Task instructions: Please reproduce exactly the line that carries "this 1296×968 image." and all remaining lines through the last line of the data, and write nothing else.

Saved entries
########################################

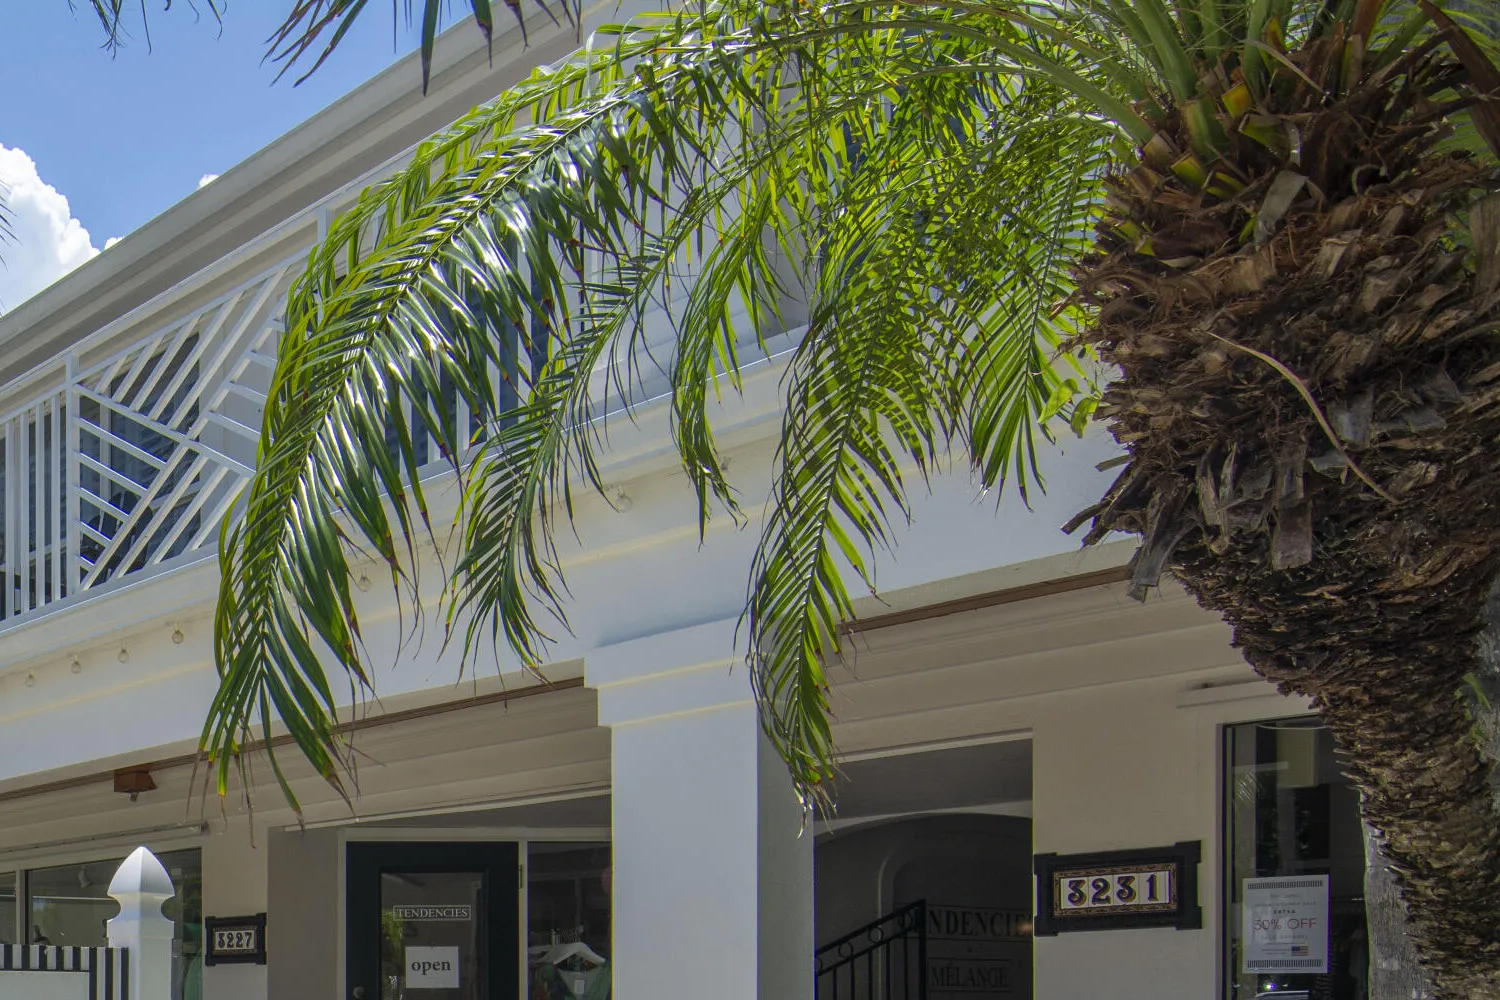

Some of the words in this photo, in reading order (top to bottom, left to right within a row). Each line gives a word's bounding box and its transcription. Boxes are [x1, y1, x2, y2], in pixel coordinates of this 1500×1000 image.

[1067, 873, 1160, 907] 3231
[396, 908, 468, 918] TENDENCIES
[914, 908, 1032, 937] NDENCIE
[1287, 917, 1317, 930] OFF
[218, 931, 253, 949] 3227
[411, 960, 452, 976] open
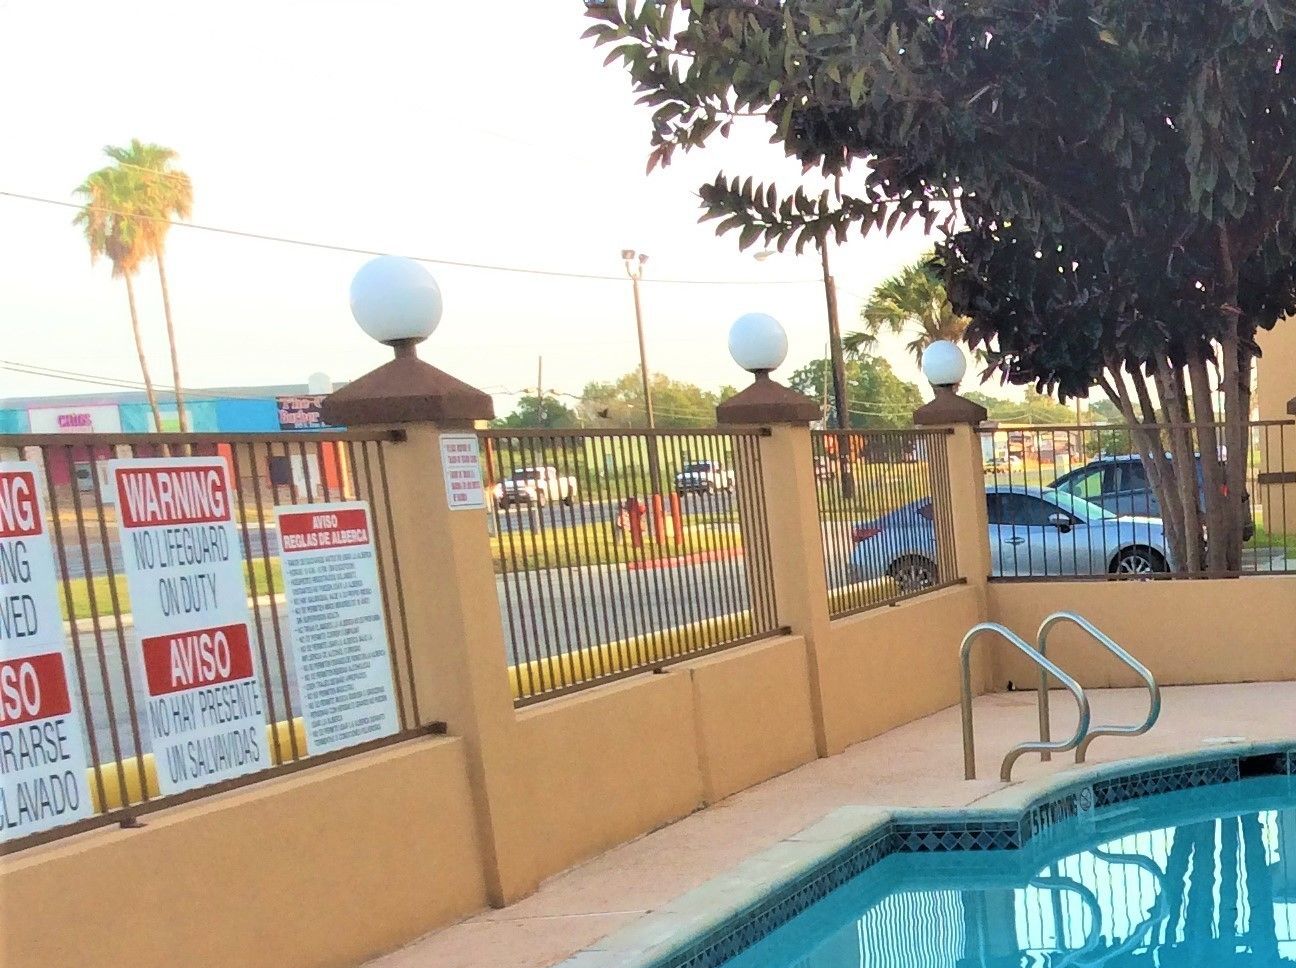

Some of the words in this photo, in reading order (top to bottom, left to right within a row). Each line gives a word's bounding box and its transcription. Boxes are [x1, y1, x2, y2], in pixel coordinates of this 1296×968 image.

[122, 470, 226, 522] WARNING
[283, 532, 318, 549] REGLAS
[318, 531, 331, 546] DE
[331, 528, 368, 545] ALBERCA
[312, 514, 338, 530] AVISO
[132, 530, 154, 570] NO
[156, 525, 229, 568] LIFEGUARD
[159, 577, 180, 616] ON
[180, 573, 217, 613] DUTY
[170, 631, 231, 687] AVISO
[149, 698, 170, 738] NO
[170, 693, 196, 734] HAY
[198, 680, 261, 728] PRESENTE
[166, 743, 187, 783] UN
[187, 726, 260, 778] SALVAVIDAS

########################################

Reply:
Some of the words in this photo, in reading order (top to bottom, left to right within a row). Each line gives a word's bounding box and its transcription. Boxes are [x1, y1, x2, y2], in pixel coordinates of this 1296×968 image.

[122, 470, 226, 522] WARNING
[283, 532, 318, 549] REGLAS
[318, 531, 331, 546] DE
[331, 528, 368, 545] ALBERCA
[312, 514, 338, 530] AVISO
[132, 530, 154, 570] NO
[156, 525, 229, 568] LIFEGUARD
[159, 577, 180, 616] ON
[180, 573, 217, 613] DUTY
[170, 631, 231, 687] AVISO
[149, 698, 170, 738] NO
[170, 693, 196, 734] HAY
[198, 680, 261, 728] PRESENTE
[166, 743, 187, 783] UN
[187, 726, 260, 778] SALVAVIDAS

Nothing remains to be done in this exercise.